Exercise brief:
Below are records with pictures in them; print them exactly, omitting the pictures.

** Materials provided follows **

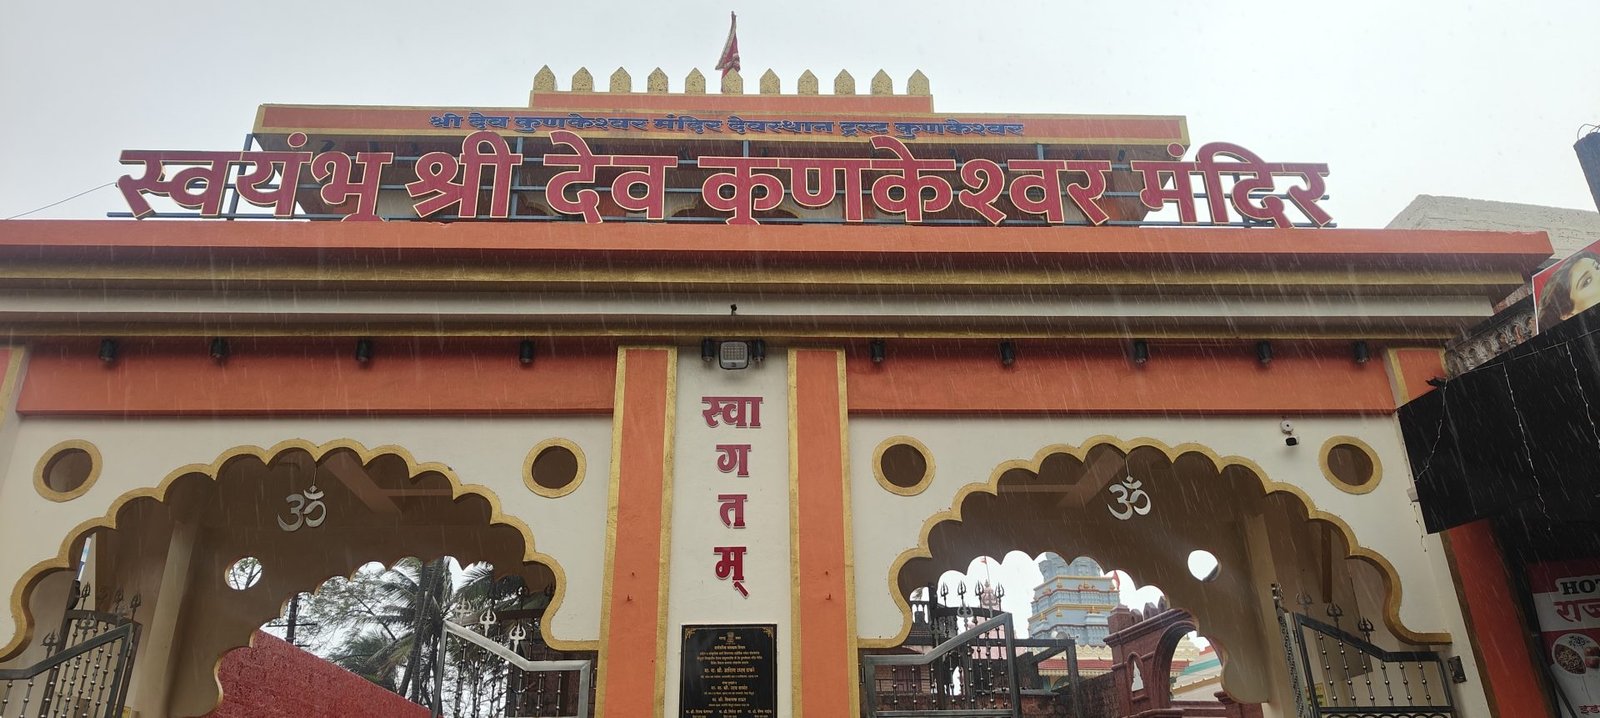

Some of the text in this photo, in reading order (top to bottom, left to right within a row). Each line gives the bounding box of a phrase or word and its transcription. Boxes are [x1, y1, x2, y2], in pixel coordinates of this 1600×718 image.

[429, 112, 1025, 140] श्री देव कुणकेश्वर मंदिर देवस्थान ट्रस्ट कुणकेश्वर
[404, 130, 523, 219] श्री
[543, 130, 679, 224] देव
[1130, 142, 1334, 229] मंदिर
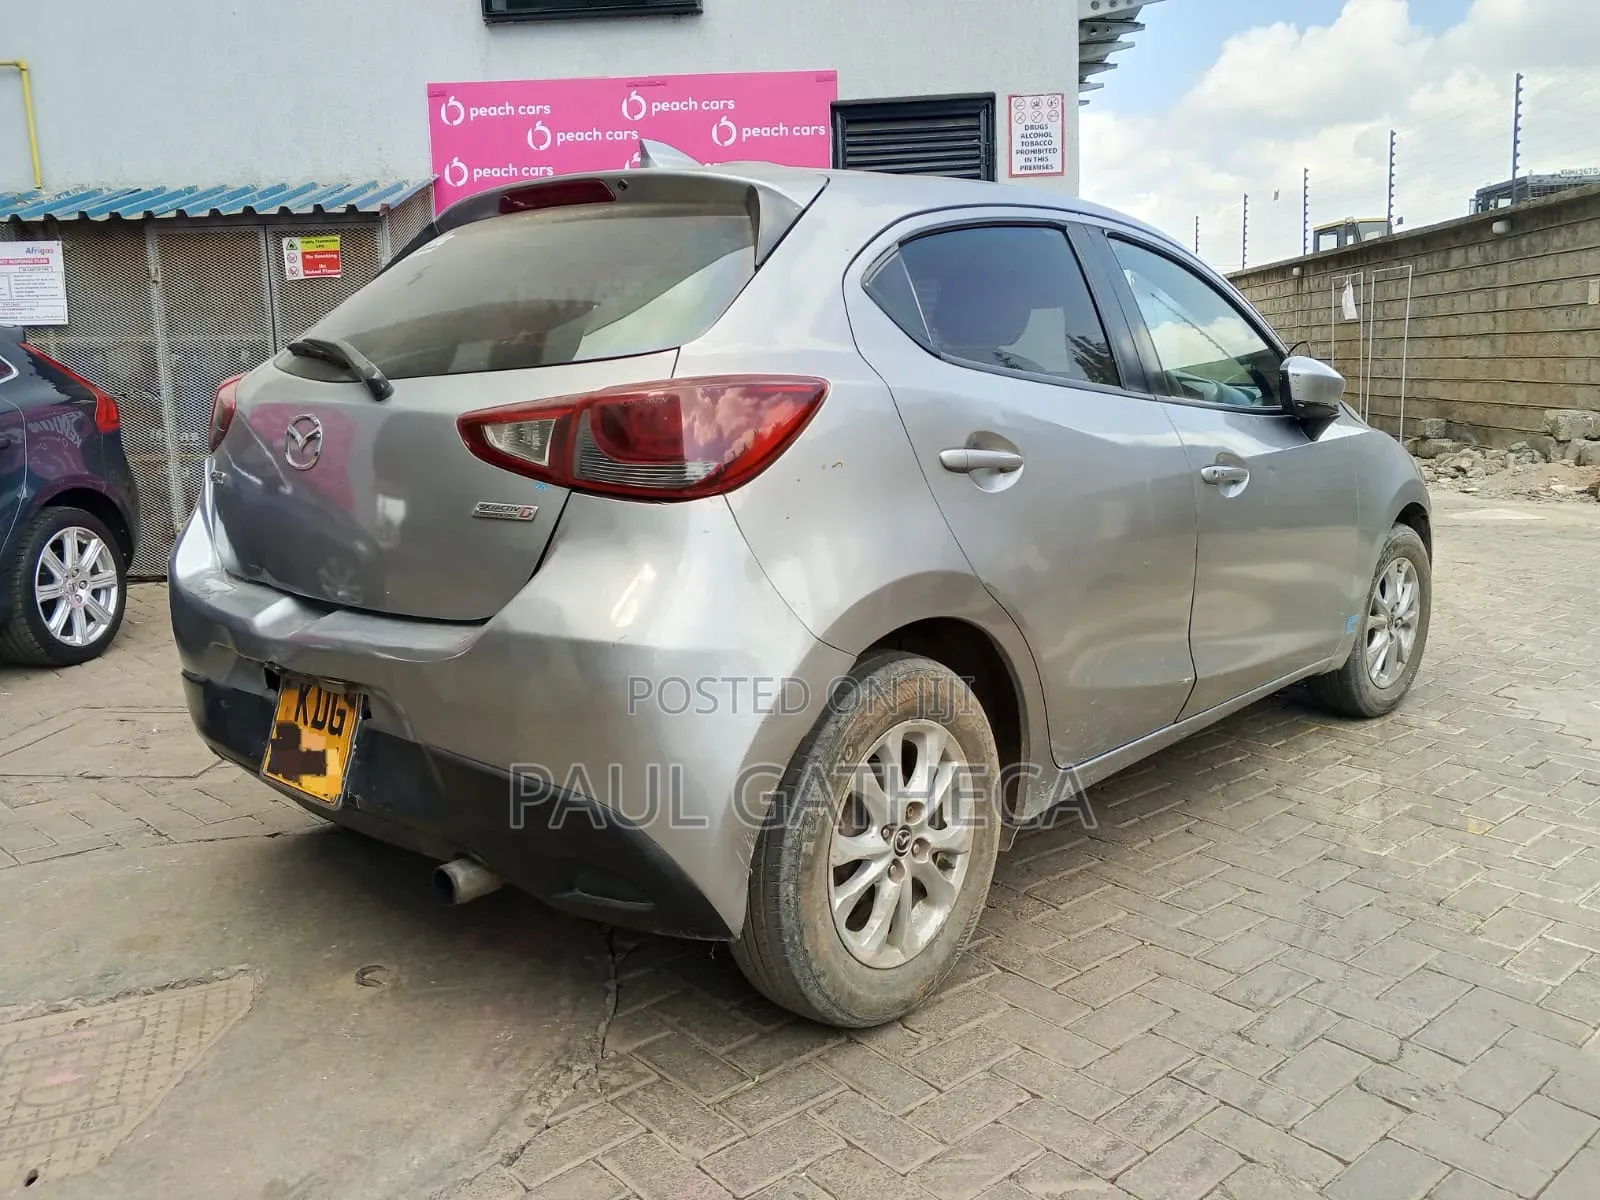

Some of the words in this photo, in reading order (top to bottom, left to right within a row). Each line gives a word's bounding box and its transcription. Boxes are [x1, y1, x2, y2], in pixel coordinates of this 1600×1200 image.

[469, 102, 515, 120] peach
[518, 103, 551, 115] cars
[651, 97, 698, 116] peach
[701, 99, 736, 110] cars
[742, 122, 789, 142] peach
[792, 124, 826, 136] cars
[1024, 123, 1049, 131] DRUGS
[556, 127, 602, 146] peach
[605, 129, 639, 141] cars
[1021, 139, 1053, 147] TOBACCO
[1015, 147, 1058, 155] PROHIBITED
[473, 163, 518, 182] peach
[521, 165, 554, 177] cars
[25, 246, 54, 255] Afrigas
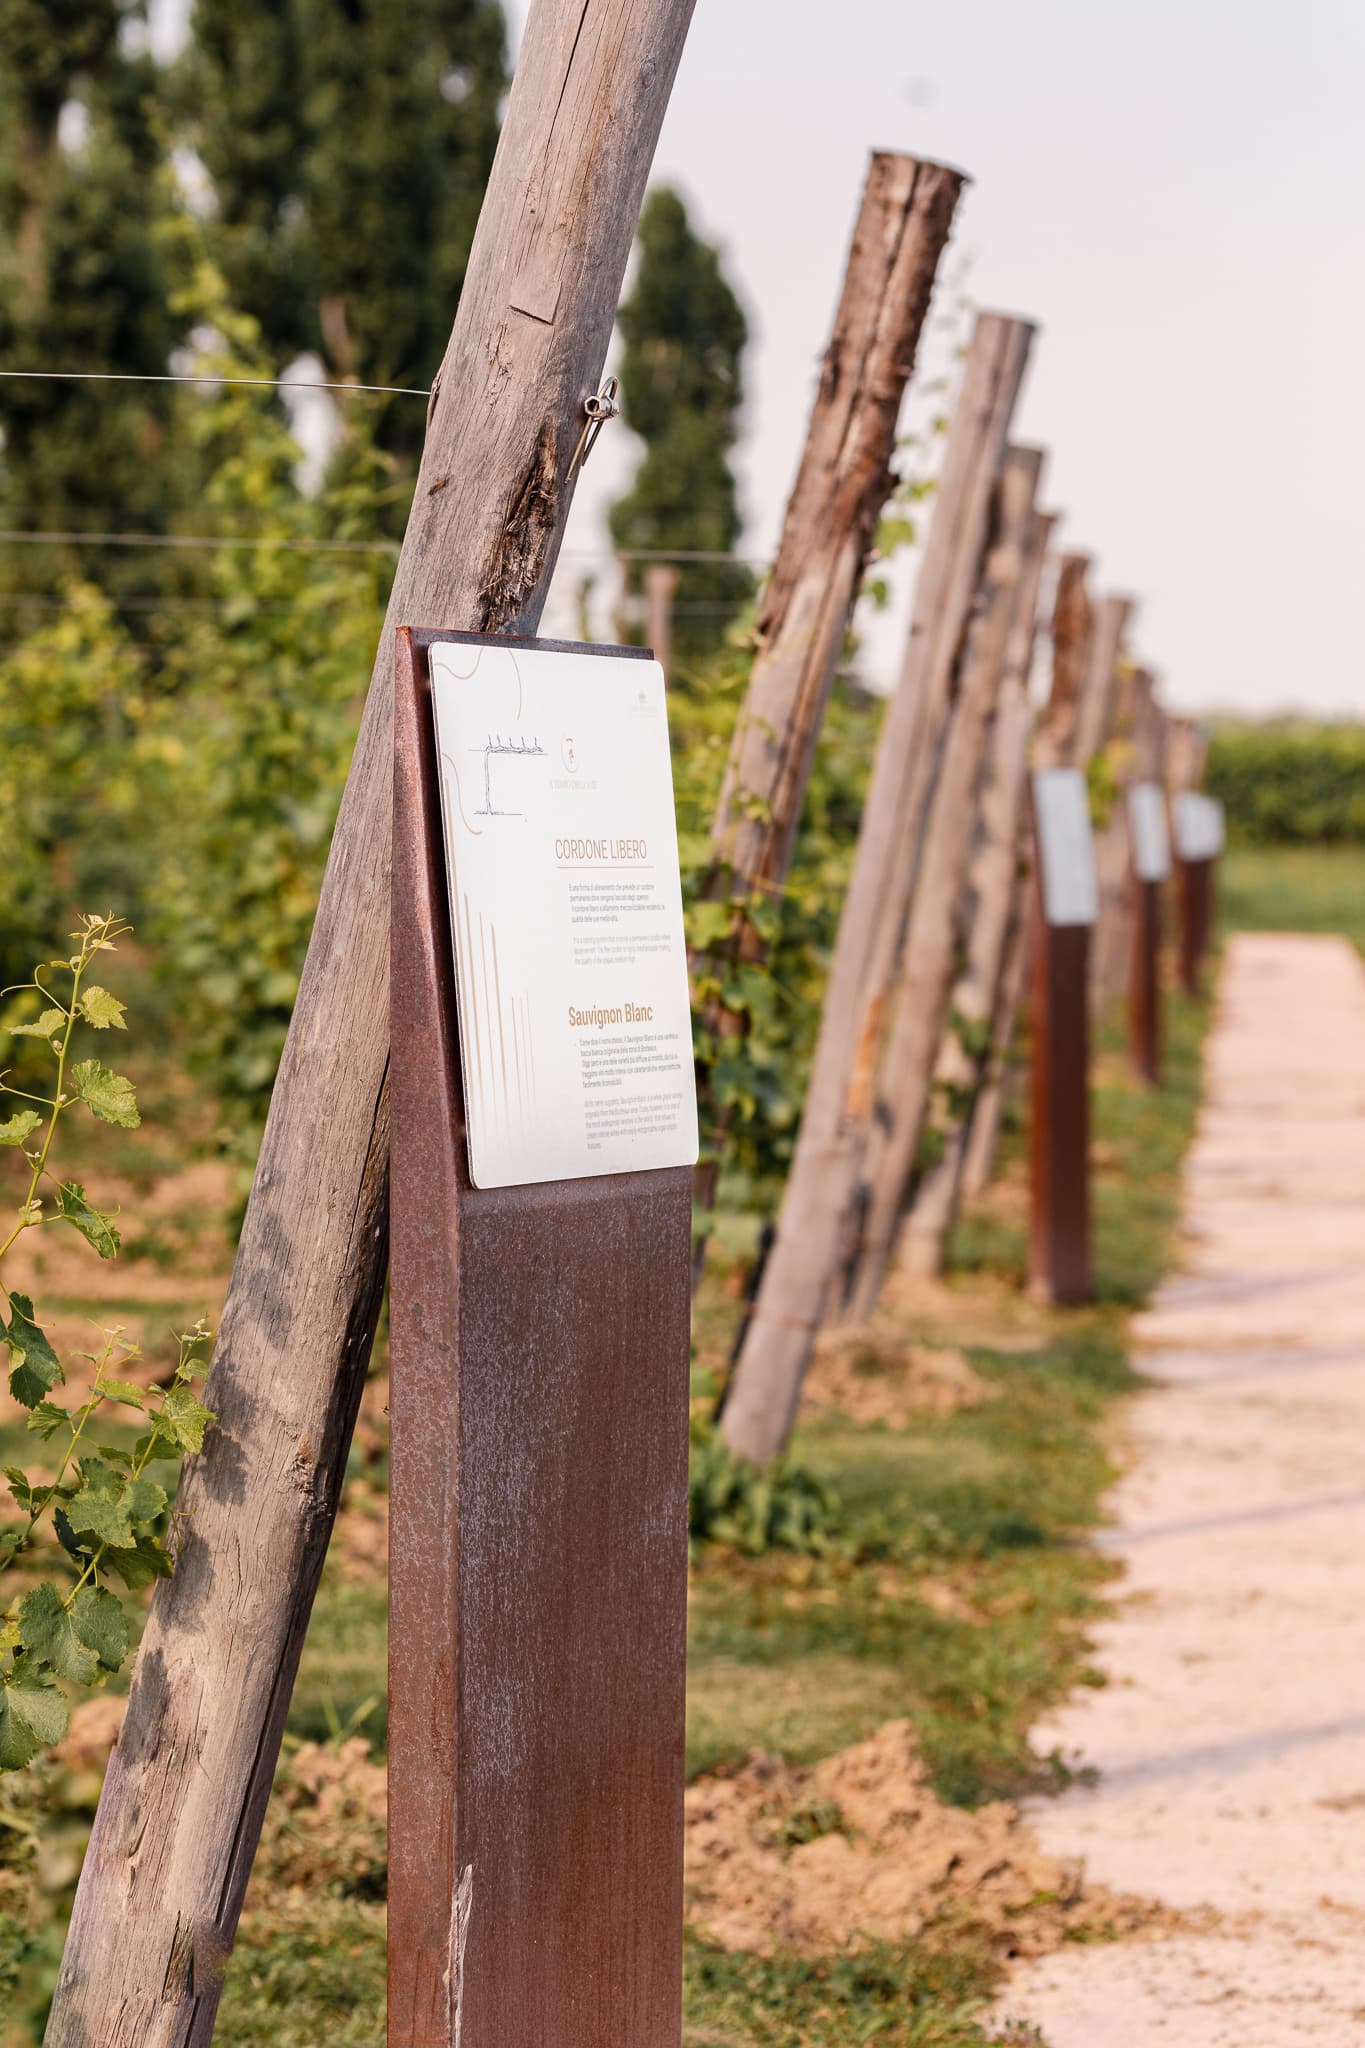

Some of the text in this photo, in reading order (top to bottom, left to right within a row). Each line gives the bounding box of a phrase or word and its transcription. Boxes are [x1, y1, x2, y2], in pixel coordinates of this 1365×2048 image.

[555, 839, 647, 859] CORDONE LIBERO
[568, 1002, 653, 1029] Sauvignon Blanc
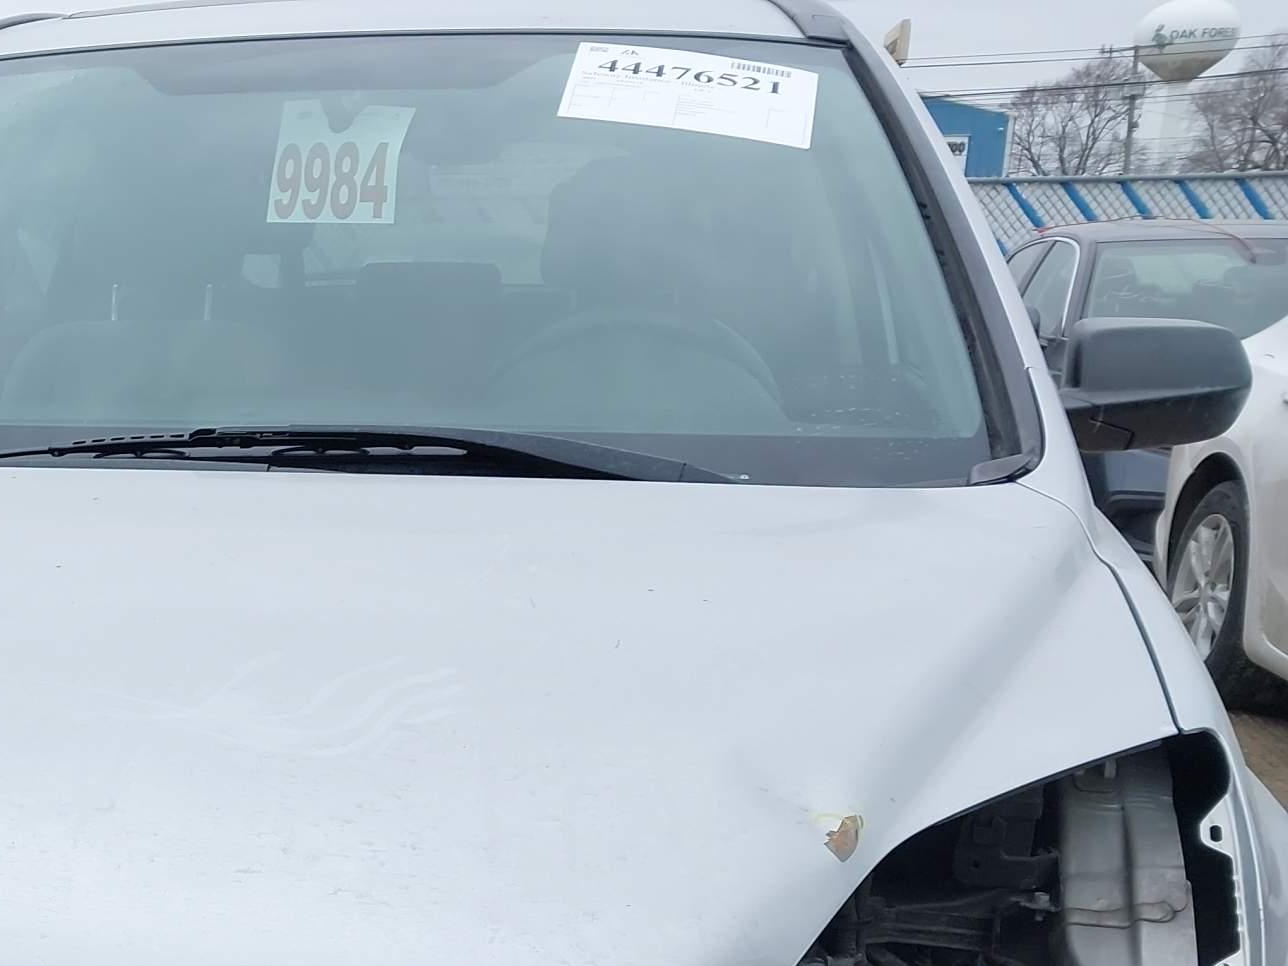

** End of Materials provided **

Exercise response:
Some of the text in this photo, in reading order (top to bottom, left to right within a row). Each line gives the bounding box of a phrase or word and its transcription. Boxes are [x1, y1, x2, y2], in pixel coordinates of this 1600×718 image.

[429, 112, 1025, 140] श्री देव कुणकेश्वर मंदिर देवस्थान ट्रस्ट कुणकेश्वर
[404, 130, 523, 219] श्री
[543, 130, 679, 224] देव
[1130, 142, 1334, 229] मंदिर

Some of the words in this photo, in reading order (top to bottom, left to right within a row). Each line gives a word's bounding box and its transcription. Boxes are [x1, y1, x2, y2], in pixel coordinates of this 1600×1200 image.

[469, 102, 515, 120] peach
[518, 103, 551, 115] cars
[651, 97, 698, 116] peach
[701, 99, 736, 110] cars
[742, 122, 789, 142] peach
[792, 124, 826, 136] cars
[1024, 123, 1049, 131] DRUGS
[556, 127, 602, 146] peach
[605, 129, 639, 141] cars
[1021, 139, 1053, 147] TOBACCO
[1015, 147, 1058, 155] PROHIBITED
[473, 163, 518, 182] peach
[521, 165, 554, 177] cars
[25, 246, 54, 255] Afrigas

Some of the text in this photo, in reading order (top to bottom, left to right within a row). Each line gives the bounding box of a phrase or word and its transcription. Boxes are [x1, y1, x2, y2], in pixel coordinates of this 1365×2048 image.

[555, 839, 647, 859] CORDONE LIBERO
[568, 1002, 653, 1029] Sauvignon Blanc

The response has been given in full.